Work to be completed:
Without the pictures, write out all the lines below exactly as they appear.

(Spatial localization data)
════════════════════

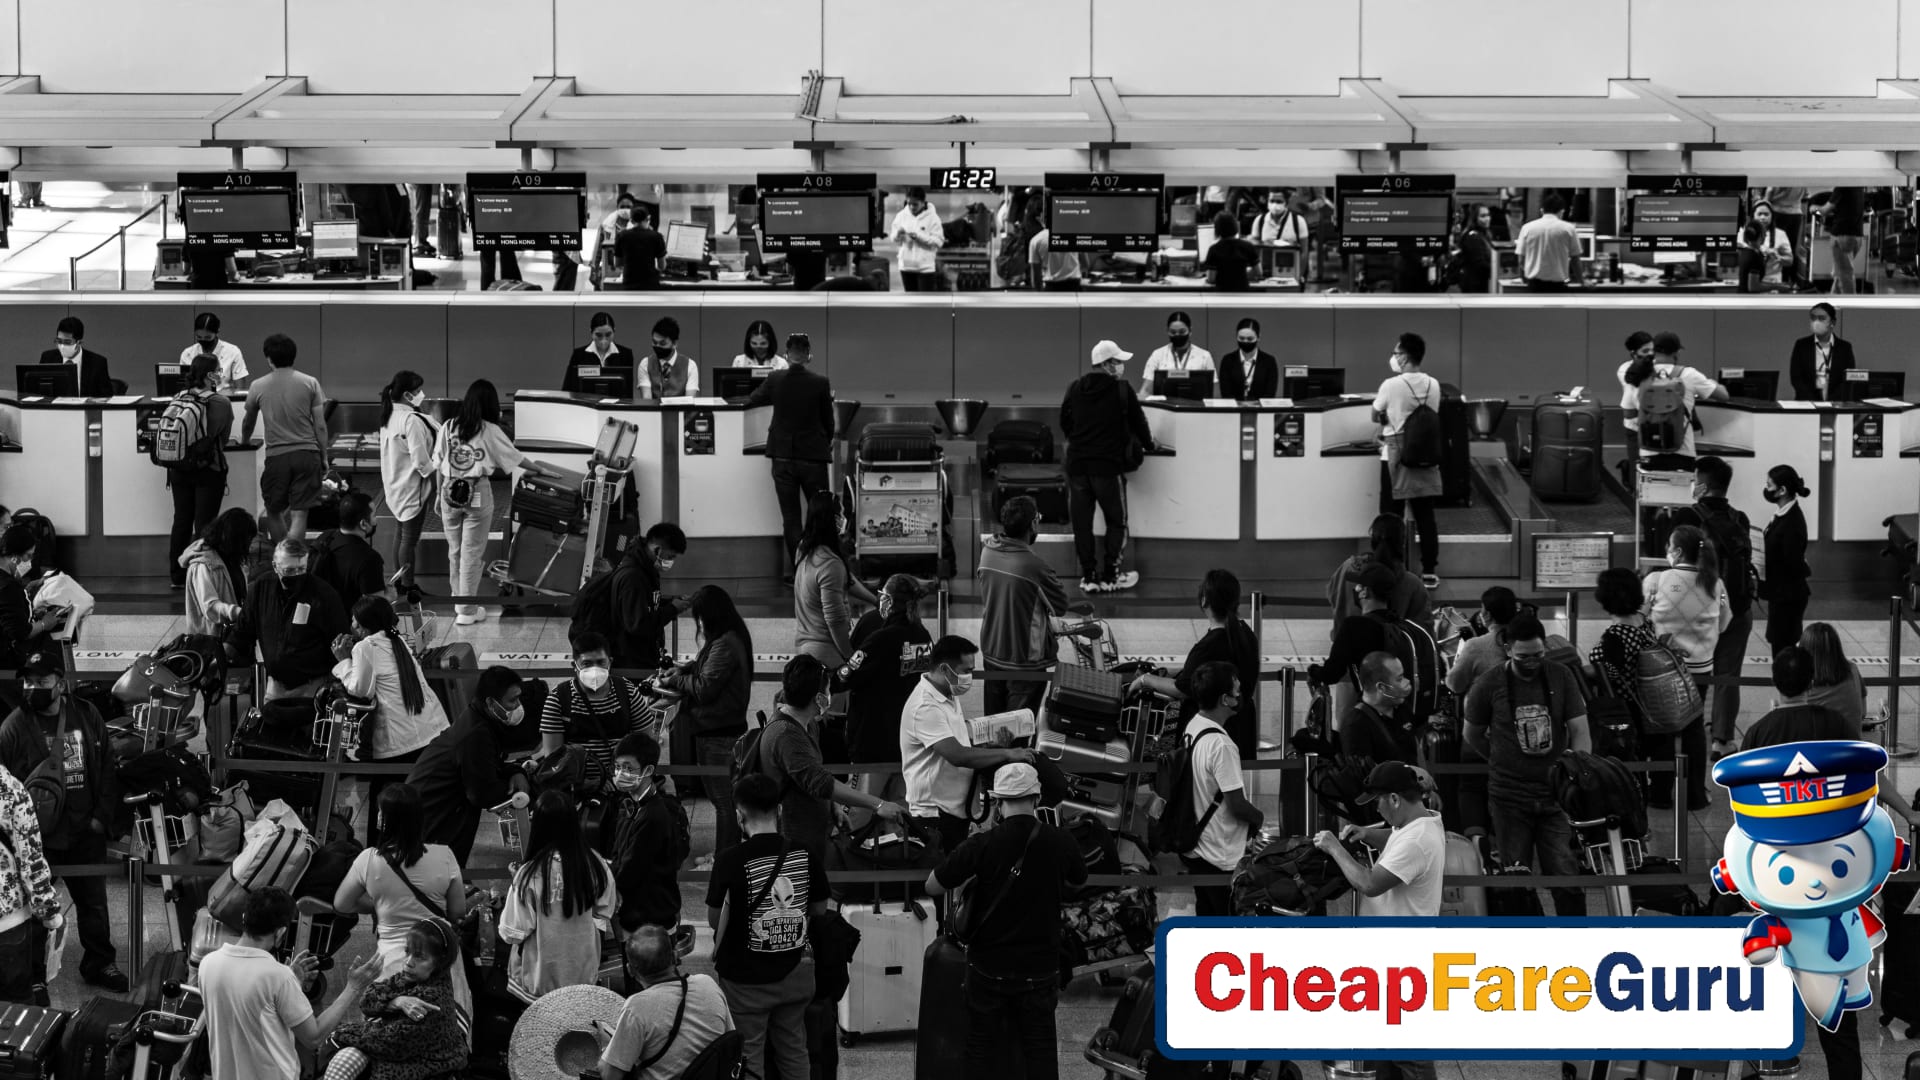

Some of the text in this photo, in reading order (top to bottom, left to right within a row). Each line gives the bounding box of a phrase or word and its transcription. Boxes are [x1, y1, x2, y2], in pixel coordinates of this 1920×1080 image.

[225, 175, 251, 185] A 10
[512, 176, 541, 185] A 09
[803, 176, 832, 187] A 08
[942, 170, 994, 188] 15:22
[1091, 176, 1119, 186] A 07
[1382, 177, 1411, 188] A 06
[1673, 178, 1702, 188] A 05
[783, 923, 799, 933] SAFE
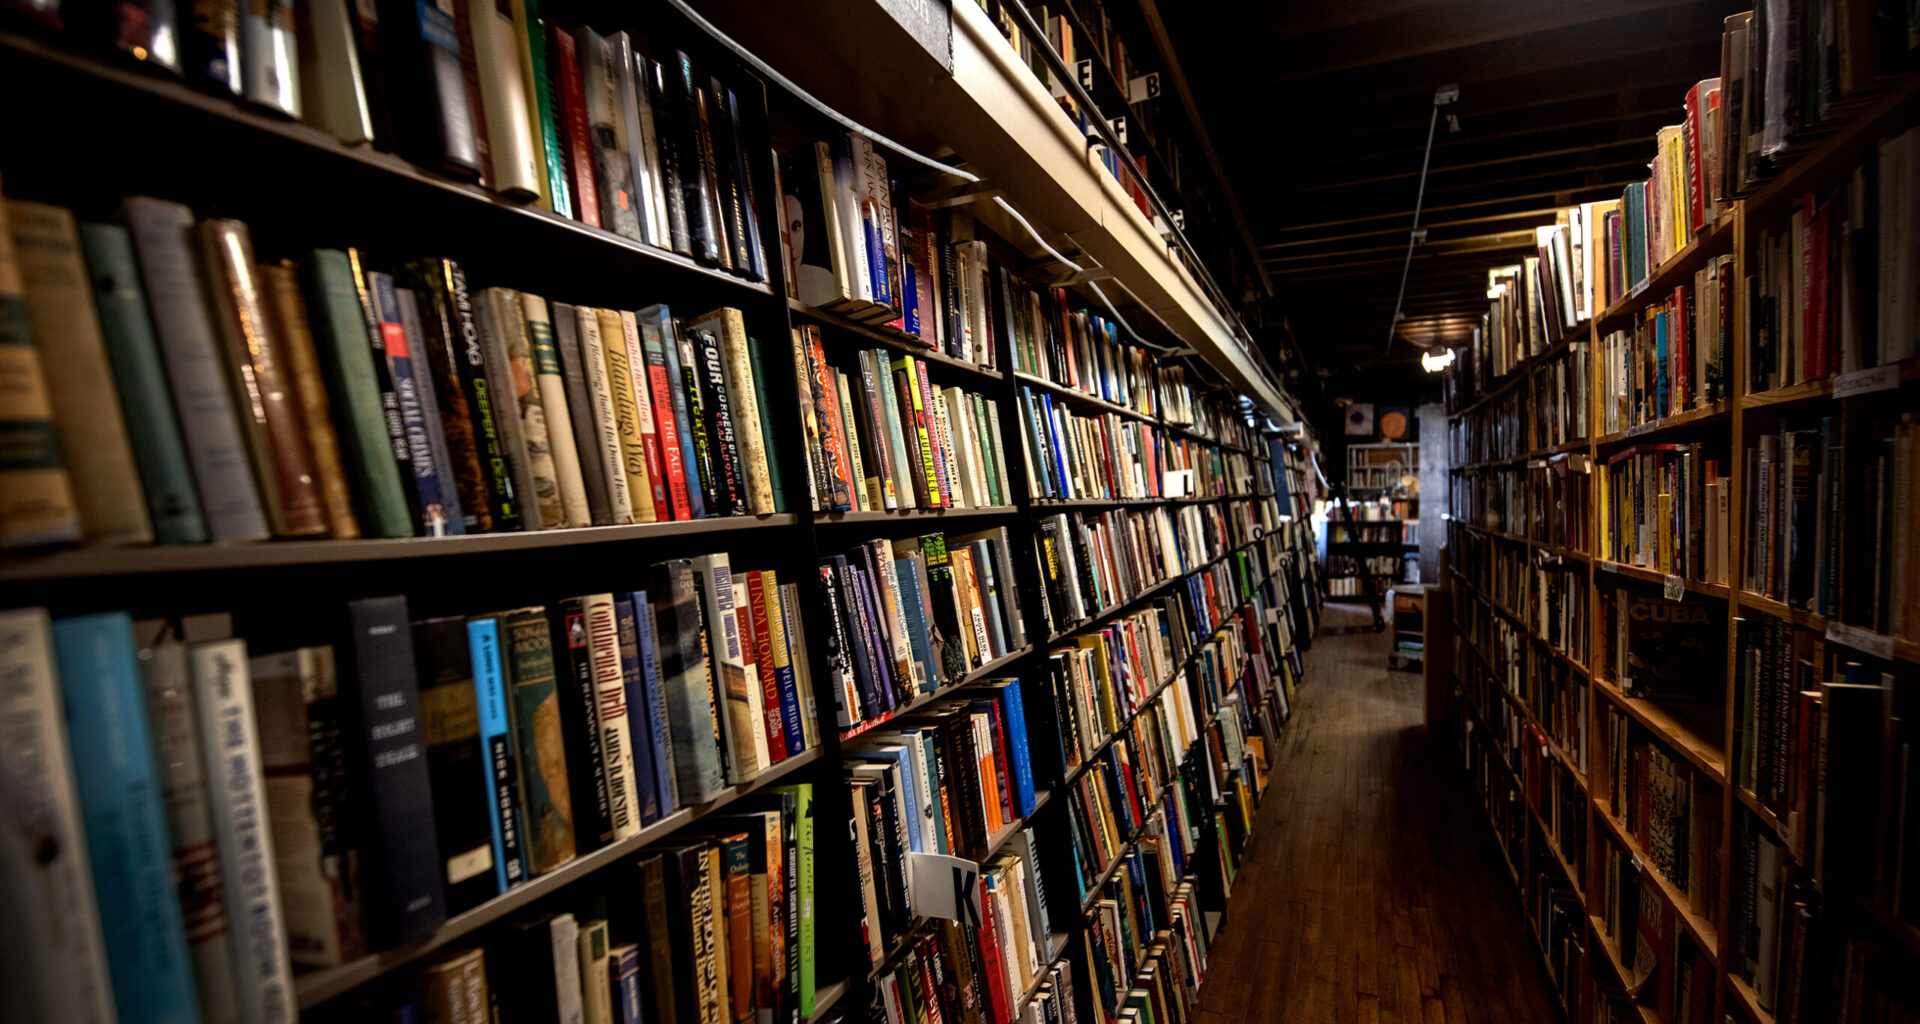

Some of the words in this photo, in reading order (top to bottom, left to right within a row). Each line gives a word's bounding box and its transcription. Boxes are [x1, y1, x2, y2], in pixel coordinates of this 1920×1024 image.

[1078, 61, 1090, 91] E
[1146, 76, 1159, 96] B
[1114, 117, 1125, 142] F
[1686, 110, 1701, 210] IMPERIAL
[874, 159, 890, 202] JOHN
[880, 202, 894, 241] JAKES
[451, 267, 471, 312] TAMI
[460, 309, 483, 367] HOAG
[623, 320, 639, 366] graphic
[588, 341, 607, 391] Blandings
[633, 367, 643, 385] the
[397, 376, 424, 426] SOCIAL
[472, 376, 497, 440] DEEPER
[598, 391, 613, 423] Builds
[635, 386, 650, 424] valley
[656, 388, 665, 409] TORO
[660, 368, 672, 412] GUILLERMO
[699, 328, 725, 387] FOUR
[714, 384, 735, 442] CORNERS
[730, 455, 743, 487] NIGHT
[901, 384, 916, 426] WAITING
[919, 370, 934, 415] JOHANSEN
[603, 423, 616, 441] His
[663, 419, 675, 443] THE
[408, 423, 437, 478] CRIMES
[606, 442, 622, 476] Dream
[624, 440, 648, 479] Way
[667, 445, 682, 476] FALL
[713, 411, 727, 450] CRAIG
[721, 453, 738, 503] HOLDEN
[919, 433, 938, 491] JOHANSEN
[489, 455, 509, 495] DEAD
[613, 476, 627, 506] House
[933, 449, 949, 496] JOHANSEN
[1184, 474, 1193, 496] L
[1244, 479, 1254, 493] N
[673, 481, 683, 509] HOGAN
[1253, 527, 1264, 540] O
[875, 546, 886, 577] STAIR
[748, 576, 767, 625] LINDA
[767, 575, 780, 612] LINDA
[914, 580, 919, 589] IN
[890, 582, 902, 617] Armstrong
[897, 617, 906, 639] Custer
[975, 613, 983, 633] FROM
[1277, 610, 1284, 622] P
[1630, 602, 1711, 624] CUBA
[588, 600, 622, 683] Continental
[698, 628, 709, 654] THE
[773, 611, 789, 665] HOWARD
[482, 645, 493, 673] LONG
[756, 630, 778, 700] HOWARD
[486, 675, 495, 696] WAY
[702, 655, 716, 702] NATION
[781, 667, 793, 690] VEIL
[785, 691, 793, 702] OF
[600, 684, 627, 721] Drift
[775, 707, 783, 728] OPEN
[787, 704, 800, 736] NIGHT
[709, 703, 722, 740] THIEF
[767, 708, 779, 738] SEASON
[492, 740, 508, 779] NICK
[604, 727, 621, 765] JAMES
[936, 756, 945, 780] KAVA
[498, 784, 517, 849] HORNBY
[610, 777, 629, 829] HOUSTON
[939, 786, 954, 841] EXPOSED
[768, 823, 775, 831] A
[893, 819, 902, 846] JUST
[697, 850, 709, 870] IN
[769, 836, 778, 863] Place
[698, 872, 712, 912] THE
[770, 867, 779, 900] Called
[953, 867, 982, 928] K
[689, 888, 704, 956] William
[771, 904, 782, 981] Armageddon

════════════════════

Response to the task:
Some of the text in this photo, in reading order (top to bottom, left to right within a row). Each line gives the bounding box of a phrase or word and its transcription. Boxes are [x1, y1, x2, y2], in pixel coordinates of this 1920×1080 image.

[225, 175, 251, 185] A 10
[512, 176, 541, 185] A 09
[803, 176, 832, 187] A 08
[942, 170, 994, 188] 15:22
[1091, 176, 1119, 186] A 07
[1382, 177, 1411, 188] A 06
[1673, 178, 1702, 188] A 05
[783, 923, 799, 933] SAFE

Some of the words in this photo, in reading order (top to bottom, left to right within a row). Each line gives a word's bounding box and its transcription. Boxes are [x1, y1, x2, y2], in pixel coordinates of this 1920×1024 image.

[1078, 61, 1090, 91] E
[1146, 76, 1159, 96] B
[1114, 117, 1125, 142] F
[1686, 110, 1701, 210] IMPERIAL
[874, 159, 890, 202] JOHN
[880, 202, 894, 241] JAKES
[451, 267, 471, 312] TAMI
[460, 309, 483, 367] HOAG
[623, 320, 639, 366] graphic
[588, 341, 607, 391] Blandings
[633, 367, 643, 385] the
[397, 376, 424, 426] SOCIAL
[472, 376, 497, 440] DEEPER
[598, 391, 613, 423] Builds
[635, 386, 650, 424] valley
[656, 388, 665, 409] TORO
[660, 368, 672, 412] GUILLERMO
[699, 328, 725, 387] FOUR
[714, 384, 735, 442] CORNERS
[730, 455, 743, 487] NIGHT
[901, 384, 916, 426] WAITING
[919, 370, 934, 415] JOHANSEN
[603, 423, 616, 441] His
[663, 419, 675, 443] THE
[408, 423, 437, 478] CRIMES
[606, 442, 622, 476] Dream
[624, 440, 648, 479] Way
[667, 445, 682, 476] FALL
[713, 411, 727, 450] CRAIG
[721, 453, 738, 503] HOLDEN
[919, 433, 938, 491] JOHANSEN
[489, 455, 509, 495] DEAD
[613, 476, 627, 506] House
[933, 449, 949, 496] JOHANSEN
[1184, 474, 1193, 496] L
[1244, 479, 1254, 493] N
[673, 481, 683, 509] HOGAN
[1253, 527, 1264, 540] O
[875, 546, 886, 577] STAIR
[748, 576, 767, 625] LINDA
[767, 575, 780, 612] LINDA
[914, 580, 919, 589] IN
[890, 582, 902, 617] Armstrong
[897, 617, 906, 639] Custer
[975, 613, 983, 633] FROM
[1277, 610, 1284, 622] P
[1630, 602, 1711, 624] CUBA
[588, 600, 622, 683] Continental
[698, 628, 709, 654] THE
[773, 611, 789, 665] HOWARD
[482, 645, 493, 673] LONG
[756, 630, 778, 700] HOWARD
[486, 675, 495, 696] WAY
[702, 655, 716, 702] NATION
[781, 667, 793, 690] VEIL
[785, 691, 793, 702] OF
[600, 684, 627, 721] Drift
[775, 707, 783, 728] OPEN
[787, 704, 800, 736] NIGHT
[709, 703, 722, 740] THIEF
[767, 708, 779, 738] SEASON
[492, 740, 508, 779] NICK
[604, 727, 621, 765] JAMES
[936, 756, 945, 780] KAVA
[498, 784, 517, 849] HORNBY
[610, 777, 629, 829] HOUSTON
[939, 786, 954, 841] EXPOSED
[768, 823, 775, 831] A
[893, 819, 902, 846] JUST
[697, 850, 709, 870] IN
[769, 836, 778, 863] Place
[698, 872, 712, 912] THE
[770, 867, 779, 900] Called
[953, 867, 982, 928] K
[689, 888, 704, 956] William
[771, 904, 782, 981] Armageddon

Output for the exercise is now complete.